Although CHB drug development is advancing rapidly, treatment strategies vary based on local healthcare resources, disease prevalence, and economic conditions in different regions. CHB treatment in low-income countries, particularly in Africa, faces many challenges.

In the African region, including Ethiopia, limited medical resources and restricted access to newer drugs are primary barriers to effective CHB treatment. A study by Minier et al[66] conducted in Africa, including Ethiopia, demonstrated that clinical diagnostics such as aminotransferases (aspartate aminotransferase, alanine aminotransferase) and platelet counts are typically available at the district hospital level, while HBeAg and on-site HBV DNA (Xpert) testing are only accessible at regional or provincial hospitals. This highlights that diagnostic tools required to assess eligibility for AVT are frequently unavailable in peripheral health facilities across the African region. The latest clinical studies by Delphin et al[67] show that HBV clinical trials in the World Health Organisation (WHO) African Region are severely deficient, although the region accounts for 70% of new infections globally. Less than 1% of global HBV clinical trials are conducted in this region, and a lack of investment in prevention, diagnosis, and treatment infrastructure has contributed to substantial health inequities. These findings highlight the urgent need for increased clinical research, funding, and tailored intervention strategies to address the HBV burden in Africa, as well as to meet global HBV elimination targets.

In this study by Ismael et al[1], TDF treatment was shown to be highly effective in achieving viral suppression and improving liver fibrosis markers. However, CHB treatment strategies in low-income countries must consider drug availability and cost-effectiveness. For instance, entecavir and tenofovir are two effective HBV treatments recommended by the WHO, but their patent status, licensing, cost, and availability on the global market may limit their use in these regions.

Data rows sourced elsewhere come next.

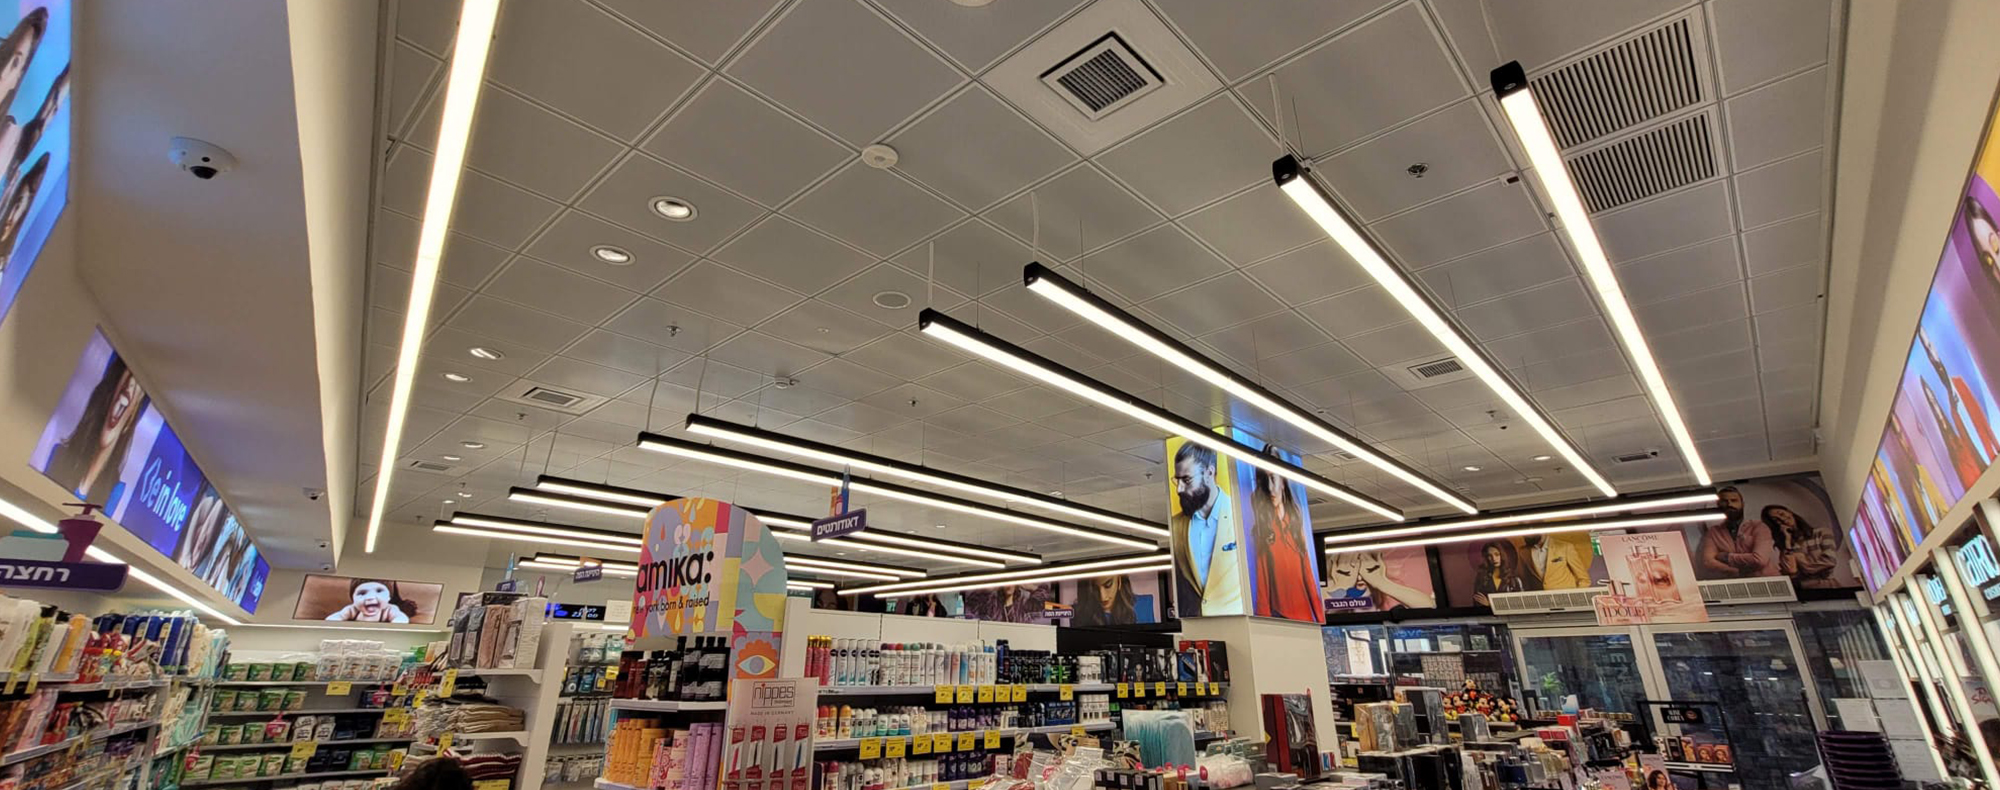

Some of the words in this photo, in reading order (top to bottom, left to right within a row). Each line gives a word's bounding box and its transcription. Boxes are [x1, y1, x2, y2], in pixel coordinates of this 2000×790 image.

[165, 481, 187, 531] love
[0, 563, 71, 582] רחצה
[645, 599, 659, 617] york
[661, 598, 677, 612] born
[678, 596, 684, 609] &
[685, 591, 710, 608] raised
[1349, 599, 1367, 607] עולם
[754, 683, 794, 706] nippes

To improve the coverage and effectiveness of CHB treatment, WHO and other international organizations are providing technical support and resources to facilitate diagnosis and treatment. WHO has provided technical guidance and other support to help African countries meet the 2030 goal of eliminating viral hepatitis as a public health threat. Additionally, successful approaches in hepatitis C treatment, such as early local approval of generic drugs, can be valuable for improving treatment accessibility in low-income countries.

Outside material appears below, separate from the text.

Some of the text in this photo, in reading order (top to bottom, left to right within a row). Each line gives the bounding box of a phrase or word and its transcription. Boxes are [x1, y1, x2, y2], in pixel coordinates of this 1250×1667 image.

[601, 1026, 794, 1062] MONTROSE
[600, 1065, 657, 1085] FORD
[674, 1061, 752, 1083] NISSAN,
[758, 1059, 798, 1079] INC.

Overall, increased international cooperation and resource investment are essential for improving drug access and affordability, strengthening healthcare infrastructures, and raising public awareness about CHB prevention and treatment.

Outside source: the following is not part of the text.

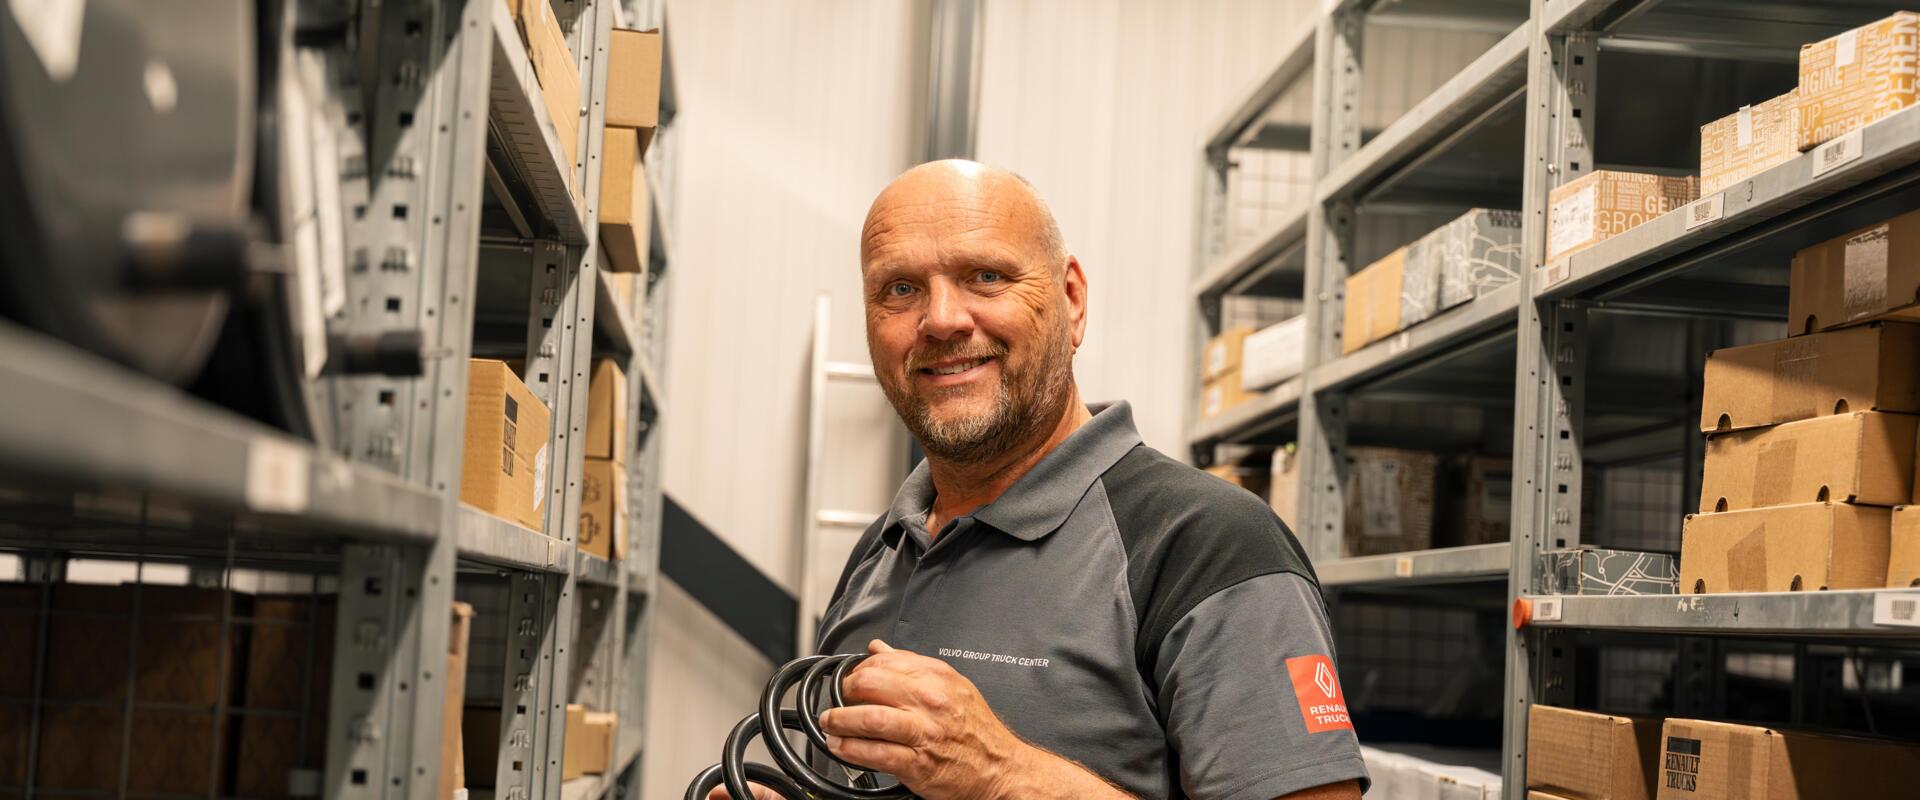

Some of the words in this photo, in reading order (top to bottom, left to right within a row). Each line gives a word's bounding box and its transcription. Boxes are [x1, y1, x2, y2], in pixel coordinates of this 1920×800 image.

Provenance and peer review: Invited article; Externally peer reviewed.

Peer-review model: Single blind

Specialty type: Gastroenterology and hepatology

Country of origin: China

Peer-review report’s classification

Scientific Quality: Grade C, Grade C

Novelty: Grade B, Grade D

Creativity or Innovation: Grade B, Grade C

Scientific Significance: Grade B, Grade C

P-Reviewer: Fallatah H; Rehman R S-Editor: Qu XL L-Editor: A P-Editor: Chen YX

Hepatitis B virus-induced cirrhosis: Mechanisms, global variations, and treatment advances (2024)
Top Articles
Latest Posts
Recommended Articles
Article information

Author: Catherine Tremblay

Last Updated:

Views: 5973

Rating: 4.7 / 5 (47 voted)

Reviews: 86% of readers found this page helpful

Author information

Name: Catherine Tremblay

Birthday: 1999-09-23

Address: Suite 461 73643 Sherril Loaf, Dickinsonland, AZ 47941-2379

Phone: +2678139151039

Job: International Administration Supervisor

Hobby: Dowsing, Snowboarding, Rowing, Beekeeping, Calligraphy, Shooting, Air sports

Introduction: My name is Catherine Tremblay, I am a precious, perfect, tasty, enthusiastic, inexpensive, vast, kind person who loves writing and wants to share my knowledge and understanding with you.